Ainsi réunies dans un florilège de sensations,
le temps est à l’écriture du chant de la Création. »

Texte / « Consommation », M.Watts, 2013

Je suis un petit logo criard sur le dos d’un tee-shirt.

Symbole d’une société qui part à la dérive, qui ne sait plus où s’accrocher, stimulée par l’image que je lui renvois pour ne pas errer sans buts, au cœur de cette abîme qu’elle creuse elle-même de ses mains. Celle-là même qui se persuade de ne pouvoir vivre sans moi.

Je suis l’emblème de ce qu’il faut, le dealeur de ce qui rend heureux, la chimère de ce qui doit rendre heureux.

Je suis l’allégorie de la possession, le reflet de l’Idéal tant recherché.

Responsable tout désigné de cette décrépitude latente, je déclenche les vices.

Le bouc émissaire tout établi de cette génération perdue qui a besoin d’un chemin, d’un pâturage où s’abandonner pour ne pas tendre à devenir une brebis égarée, ou pire encore, une brebis galeuse rejetée du troupeau.

Je suis celui qui déshumanise, celui qui nourrit la convoitise, qui fait perdre la raison, qui place les priorités. Celui qui rend plus fort, qui donne de l’importance, de la substance.

Le moyen qui intègre, offre le moule, et qui en plus présente ce côté rassurant, cette omniscience divine de pacotille qui remplace ces religions si lointaines et flatte la vanité hypocrite de vos semblables. Je juge, punis, récompense, et mes tables de lois sont accessibles à tous.

Le Dieu Vengeur est Bon n’est là que pour la galerie: maintenant c’est moi qui pose le cadre qui délimite les préceptes de l’Existence humaine.

J’ai fini par prendre une place qui ne m’étais pas destinée, à laquelle je n’aurais osé prétendre mais l’Homme Moderne me l’a offerte sur un plateau et j’aurais été fou de laisser passer cette chance de tous vous dominer.

Cet intérêt m’est monté à la tête et devant cet amas de richesse je suis devenu manipulateur en chef et symbole de réussite.

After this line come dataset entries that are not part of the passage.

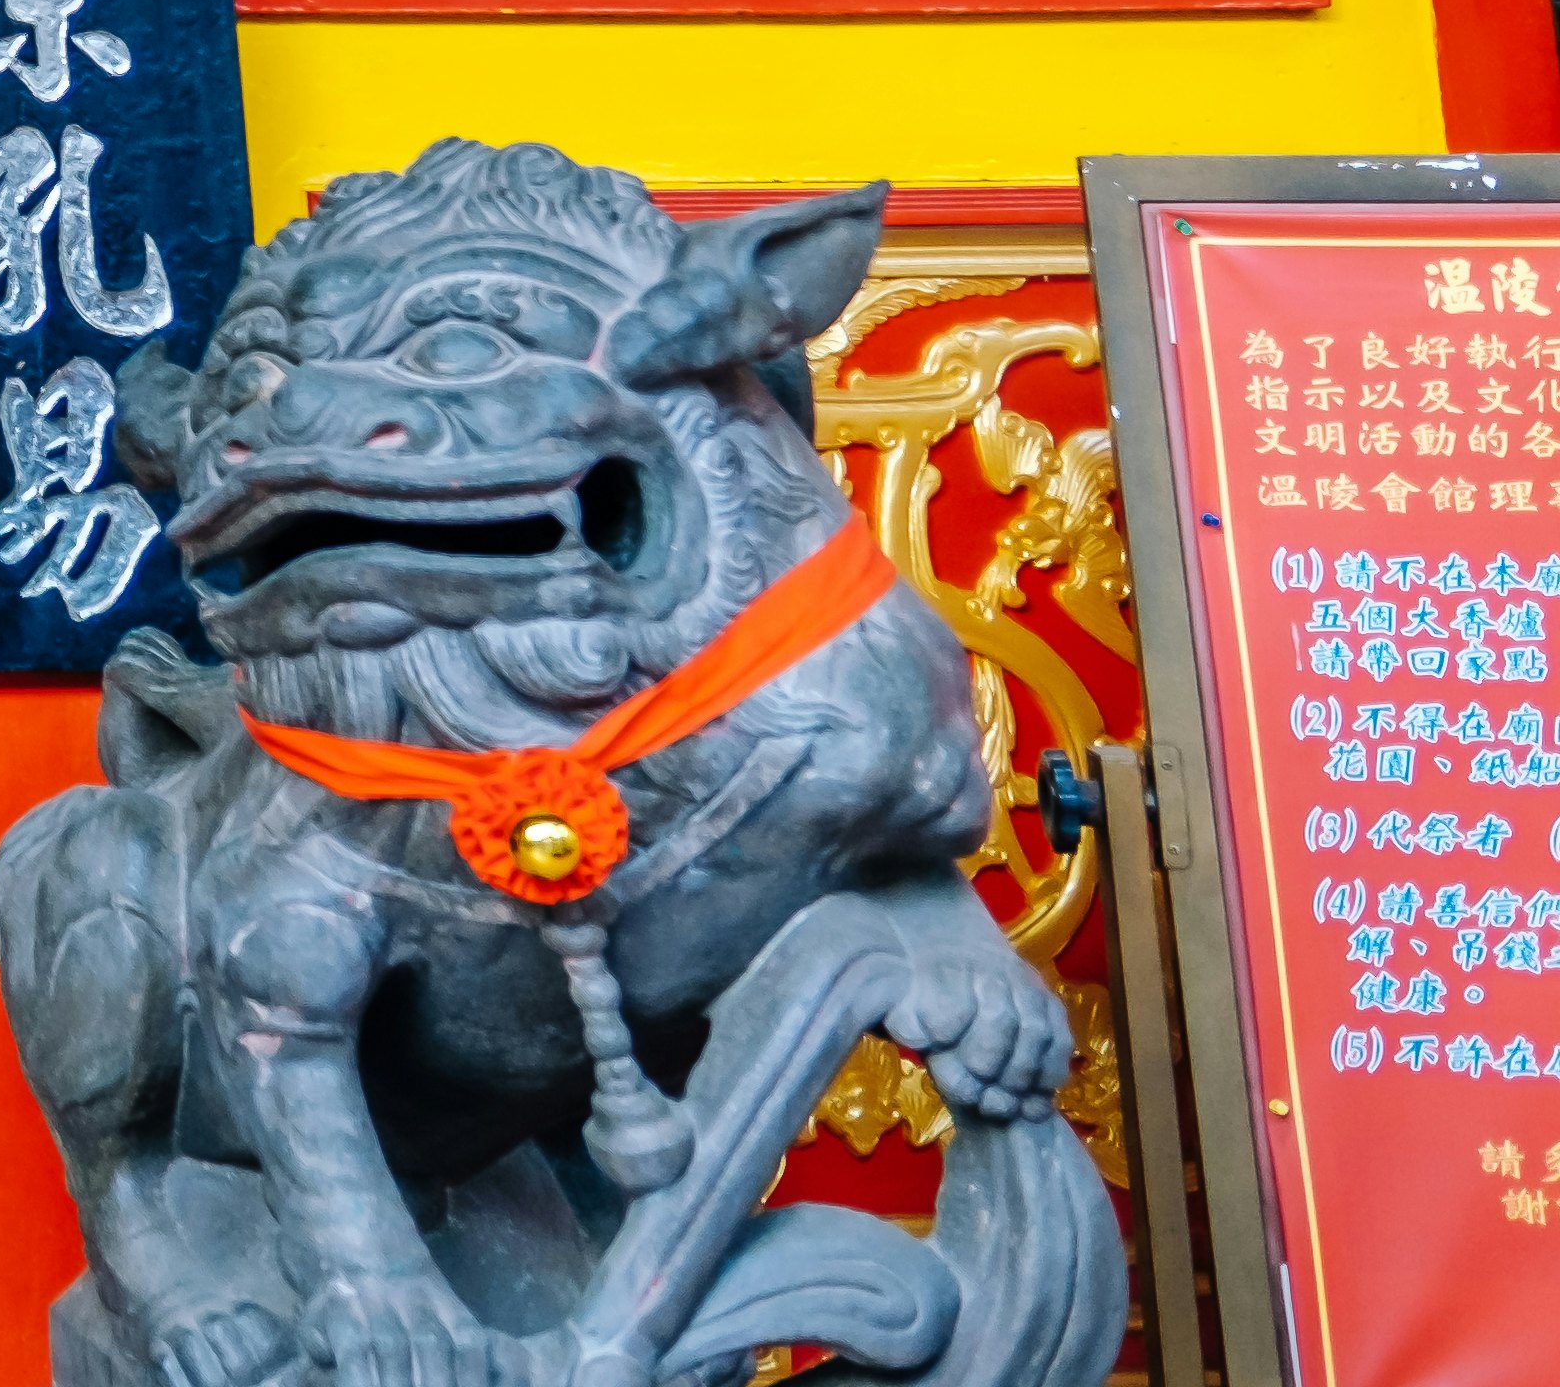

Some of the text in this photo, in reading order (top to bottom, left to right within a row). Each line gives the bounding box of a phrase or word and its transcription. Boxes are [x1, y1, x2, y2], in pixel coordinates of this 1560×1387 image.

[1244, 375, 1560, 415] 指示以及文化
[1254, 421, 1560, 458] 文明活動的各
[1305, 599, 1545, 641] 五個大香爐
[1308, 638, 1548, 682] 請帶回家點
[1290, 694, 1560, 745] (2)不得在廟
[1502, 1189, 1560, 1228] 謝

Sans moi l’homme n’est rien mais à mes côtés il se perd de jour en jour.

J’aspire les valeurs, tranche dans les espoirs, parfois même ai le droit de vie ou de mort. J’aime cette puissance, je la savoure, je l’entretiens.

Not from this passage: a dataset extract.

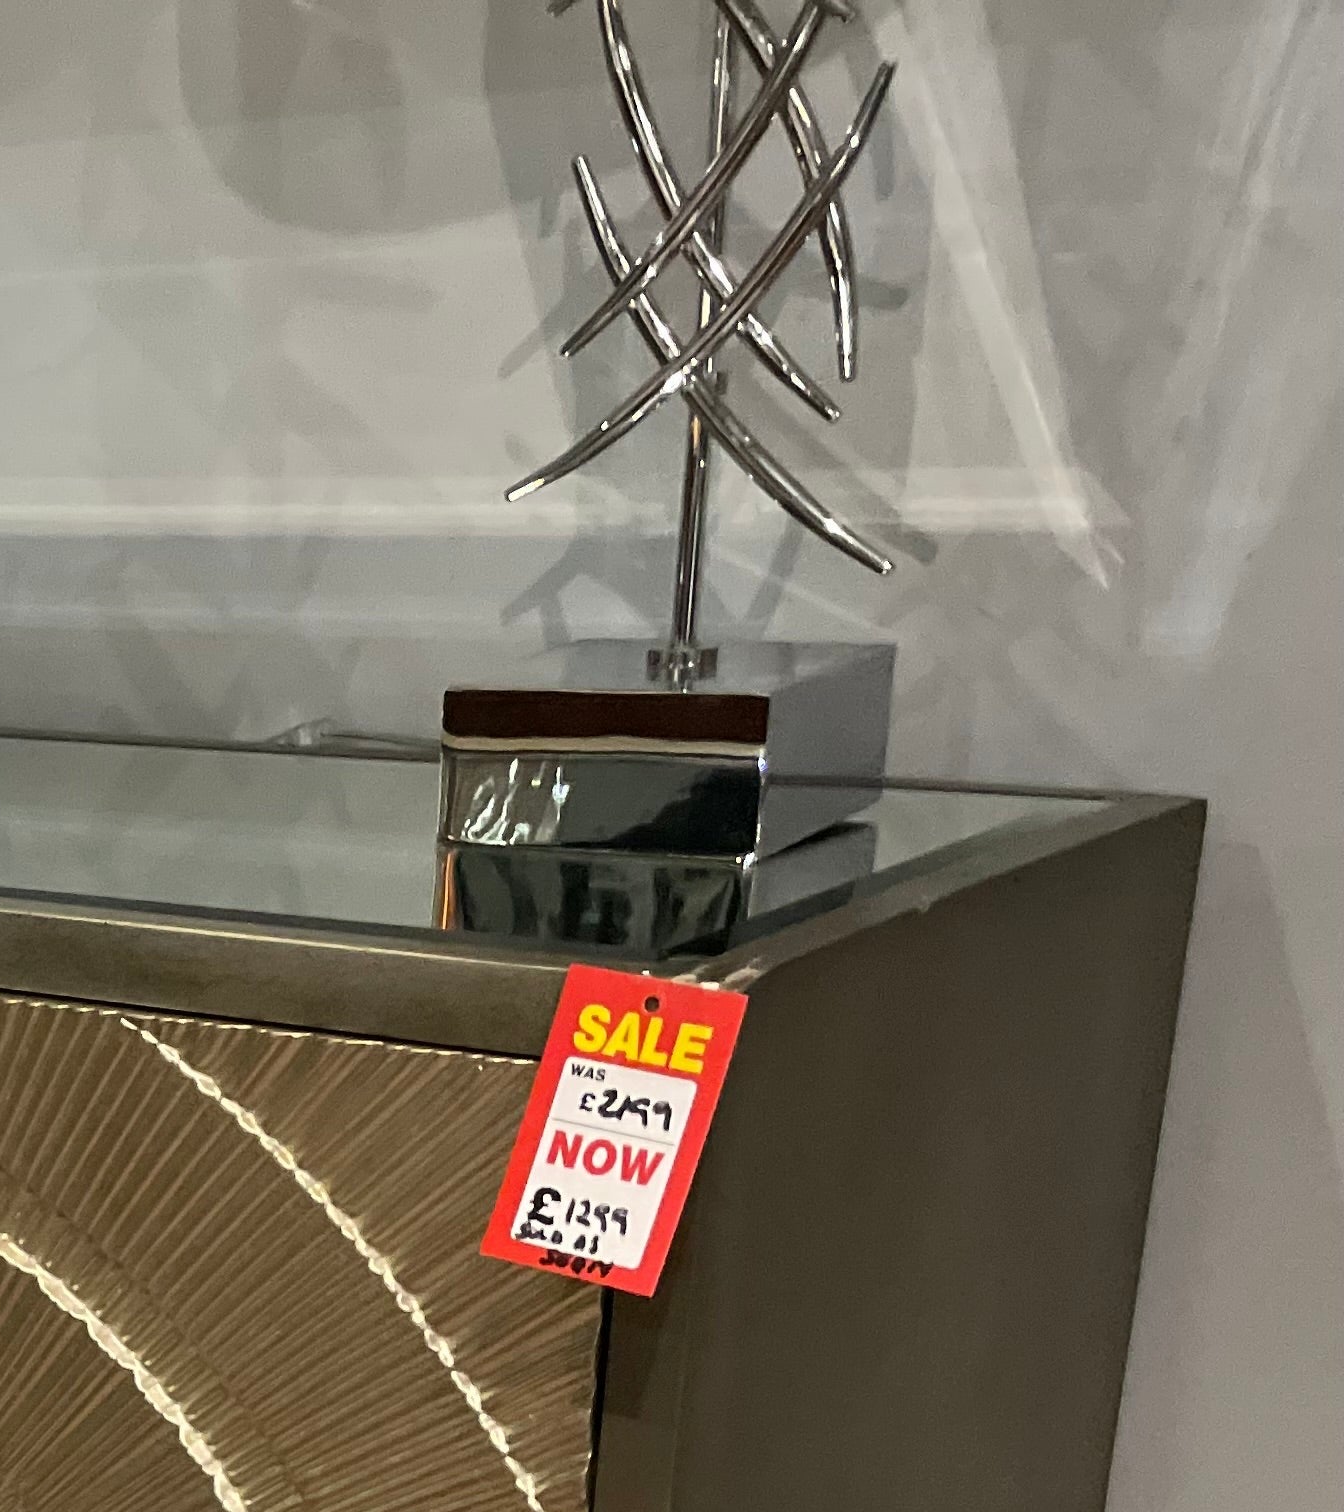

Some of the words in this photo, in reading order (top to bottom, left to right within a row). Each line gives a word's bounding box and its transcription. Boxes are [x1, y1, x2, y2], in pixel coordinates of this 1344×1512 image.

[573, 1003, 714, 1075] SALE
[570, 1062, 607, 1082] WAS
[546, 1130, 666, 1187] NOW

Je suis un petit logo criard au dos d’un tee-shirt et ma plus grande force n’est pas ce que je suis mais ce que vous avez fait de moi.

Je suis la société d’aujourd’hui et c’est vous tous qui m’avait créé. A votre image.

Cette image d’apparat, cette image de fausseté, cette image de surface.

Car l’homme est devenu ainsi et ne cherche plus à gagner en substance mais juste à paraître profond.

Ne souriez pas, vous êtes tous mes victimes, à des degrés différents c’est certain car je suis aussi la représentation du seul endroit où vous pouvez répondre à vos besoins primaires, mais rares sont ceux qui ne se laissent pas séduire par mon pouvoir.

Ma spécialité est de rendre les besoins secondaires encore plus importants que le reste et de leur donner une place de choix.

Supermarket

Je suis un petit logo criard sur le dos d’un tee-shirt, une enseigne lumineuse sur une façade, une petite griffe sur vos seins ou sur l’élastique de votre boxeur.

Je suis partout et suis signe de richesse.

Plus je m’enrichis et plus vous vous croyez heureux, plus vous croyez me posséder et plus vous pesez dans votre société. Plus vous vous enlisez dans la vase de votre cupidité et plus je ricane vous voyant perdre tout libre arbitre.

Le plus drôle dans l’histoire c’est que mon alliance s’agrandit de jour en jour. J’ai toute l’aide qu’il me faut.

Bientôt vous serez un peu plus esclaves des pulsions que je provoque.

Je vous imagine déjà les yeux exorbités et l’écume au lèvres brûlant d’impatience de ce que je pourrais vous offrir.

Meute de chien errants à qui on tend alternativement un bout de viande avarié et un sournois coup de bâton . Je lâche un peu la laisse et vous vous sentez libres.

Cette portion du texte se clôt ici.